Nearly $9 Million in Federal Assistance Secured for Native Hawaiian Health Centers
The US Department of Health and Human Services — through the Health Resources and Services Administration’s Health Center Program — is awarding nearly $9 million in grants to Native Hawaiian Health Centers to provide medical and enabling services to Native Hawaiians.
The funds are part of a continuing grant and will be awarded to Ho‘ōla Lāhui Hawai‘i on Kaua‘i ($3,067,651), Hui No Ke Ola Pono on Maui ($3,331,410), and Nā Pu‘uwai on Molokaʻi ($2,561,902).

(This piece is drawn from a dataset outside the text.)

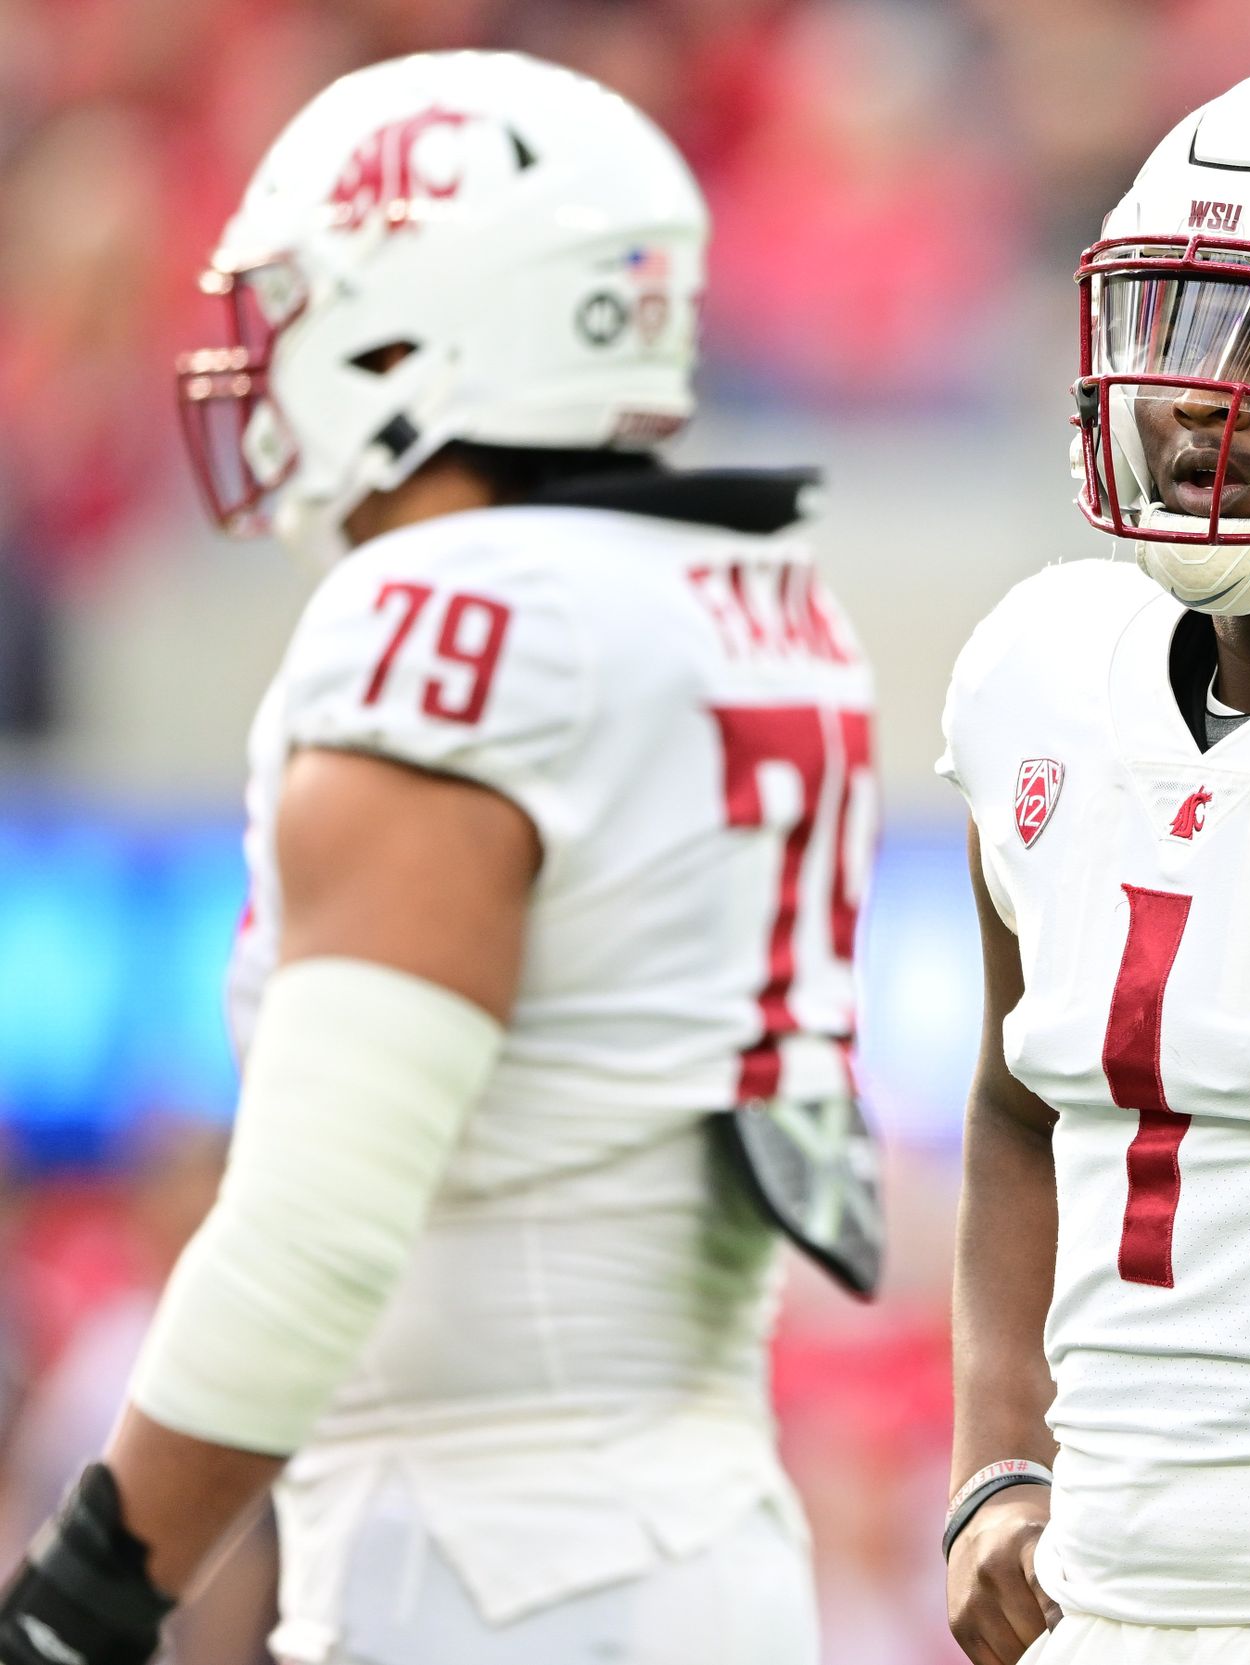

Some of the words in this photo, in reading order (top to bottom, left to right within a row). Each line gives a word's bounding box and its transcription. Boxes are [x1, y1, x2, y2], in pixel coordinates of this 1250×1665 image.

US Rep. Tulsi Gabbard (HI-02) who announced the funding said, “You cannot have a healthy Hawaiʻi without healthy Native Hawaiians. But for far too long, kanaka maoli have dealt with disproportionately greater health challenges than other ethnic groups in their own homeland. Continuing federal support for Native Hawaiian Health Centers will get life-saving care to Native Hawaiians, making sure that our healthcare system is equipped to meet these needs.”
Rep. Tulsi Gabbard said she has made it a top priority during the annual appropriations process to ensure that Native Hawaiian Health Centers get the federal support they need to serve their communities across the state.
The Native Hawaiian Health Care Act was created by Congress in 1988 (42 U.S.C. 11701) and most recently reauthorized in 2009. The program was created in recognition of the United States’ special political, trust relationship with the Native Hawaiian community to address the serious health needs exhibited by the Native Hawaiian population, and better the health status of the community.
Native Hawaiian Health Centers seek to improve the health status of Native Hawaiians by providing access to health education, health promotion, and disease prevention services. Services provided include nutrition programs, screening and control of hypertension and diabetes, immunizations, and basic primary care services.